LBA4519 Background: About 50% of pts with advanced UC are not eligible for cisplatin based CHT (“unfit”) due to impaired renal function, performance status (PS) or comorbidity. This is the first randomized phase II/III trial comparing two chemotherapy regimens in this pts group. Methods: The primary objective of the phase III part of this study was to compare the overall survival (OS) of CHT naïve pts with measurable disease and an impaired renal function (GFR<60 but >30 ml/min) and/or PS 2 who were randomized to receive either GC (G 1000 mg/m2 d1 and 8 and C AUC 4.5) q21 days or M-CAVI (M 30 mg/m2 d1 and 15 and 22, C AUC 4.5 d1 and VI 3 mg/m2 d1 and 15 and 22) q28 days. In order to detect an increase of 50% in median survival on GC compared to M-CAVI (13.5 versus 9 months) based on a two sided logrank test at error rates alpha=0.05 and beta=0.20, 225 pts were required. Secondary endpoints were overall response rate (ORR) and progression free survival (PFS). Results: 238 pts, 119 in each arm, were randomized between January 2001 and March 2008 by 29 institutions. The median follow-up is 4.5 years. Two pts were ineligible and two other pts never started treatment. Best ORRs (CR + PR) were 41.2% (36.1% confirmed response) on GC versus 30.3% (21.0% confirmed response) on M-CAVI (p = 0.08). Median OS was 9.3 months on GC and 8.1 months on M-CAVI (p = 0.64). There was no difference in PFS between the two arms (p = 0.78). OS, PFS and ORR were similar in each of the risk groups (reason unfit for cisplatin and Bajorin risk group).

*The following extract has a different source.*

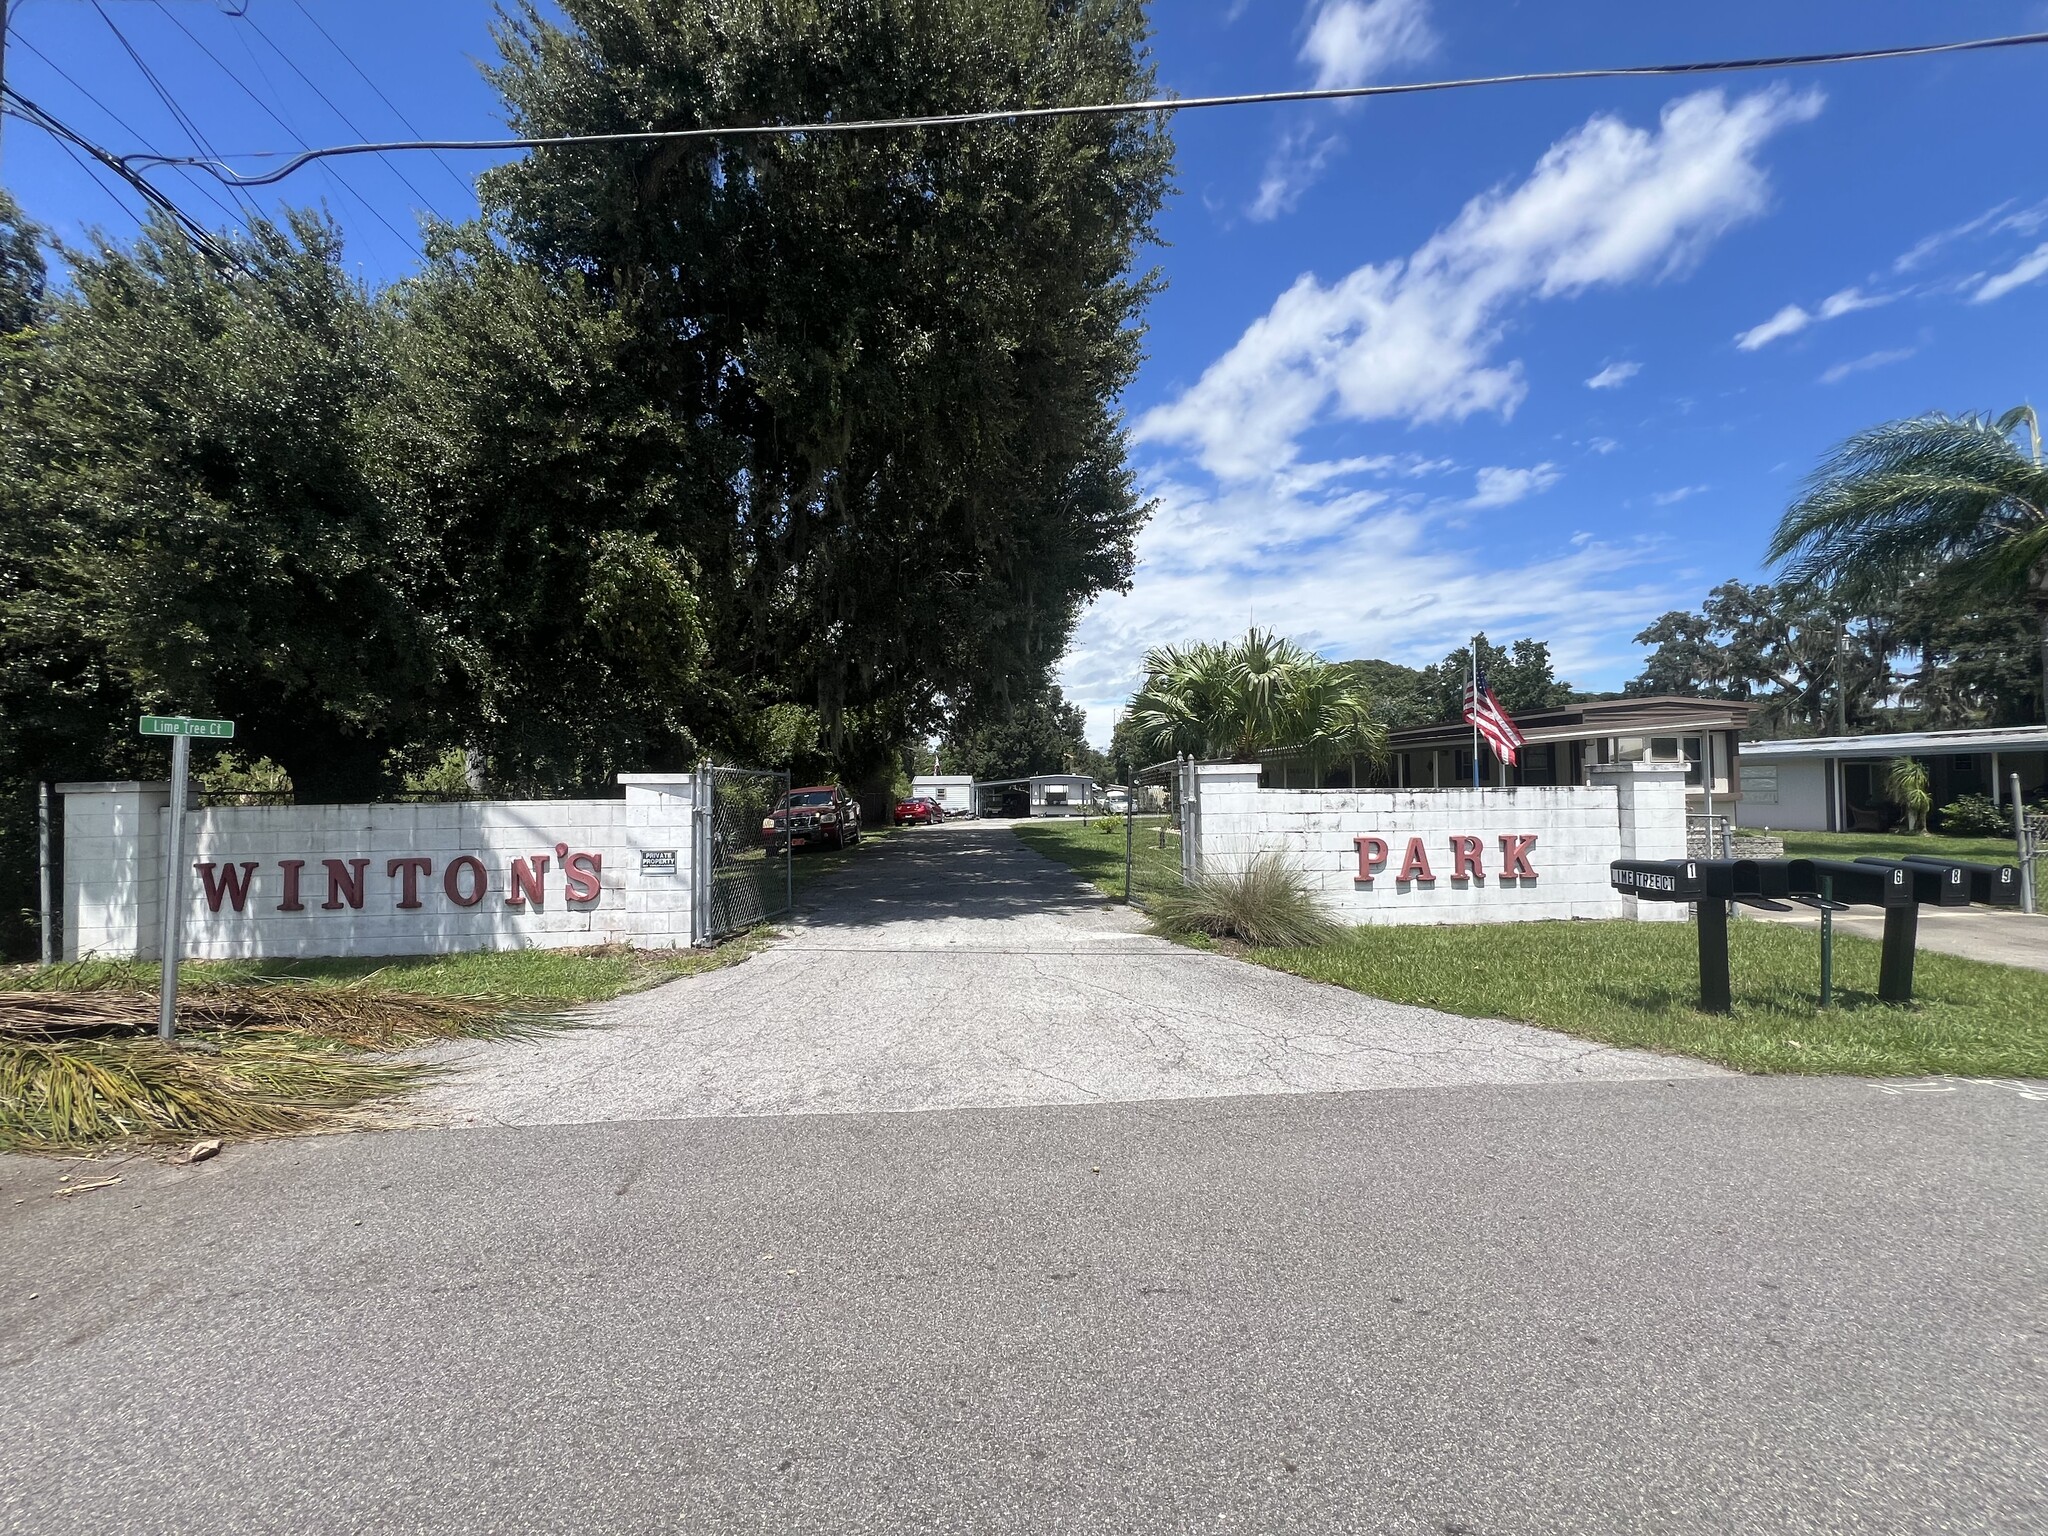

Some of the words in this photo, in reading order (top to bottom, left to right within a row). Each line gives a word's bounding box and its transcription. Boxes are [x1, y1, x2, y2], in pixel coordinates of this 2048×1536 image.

Severe acute toxicity (SAT) (death, grade 4 thrombocytopenia with bleeding, or grade 3/4 renal toxicity, neutropenic fever or mucositis) was observed in 9.3% of pts on GC (2 toxic deaths) and 21.2% on M-CAVI (4 toxic deaths). The most common grade 3/4 toxicities were leucopenia (44.9%, 46.6%), neutropenia (52.5%, 63.5%), febrile neutropenia (4.2%, 14.4%), thrombocytopenia (48.3%, 19.4%), and infection (11.8%, 12.7%) on GC and M-CAVI, respectively. Conclusions: There were no significant differences in efficacy between the two treatment groups. The incidence of SATs was slightly higher on M-CAVI. [Table: see text]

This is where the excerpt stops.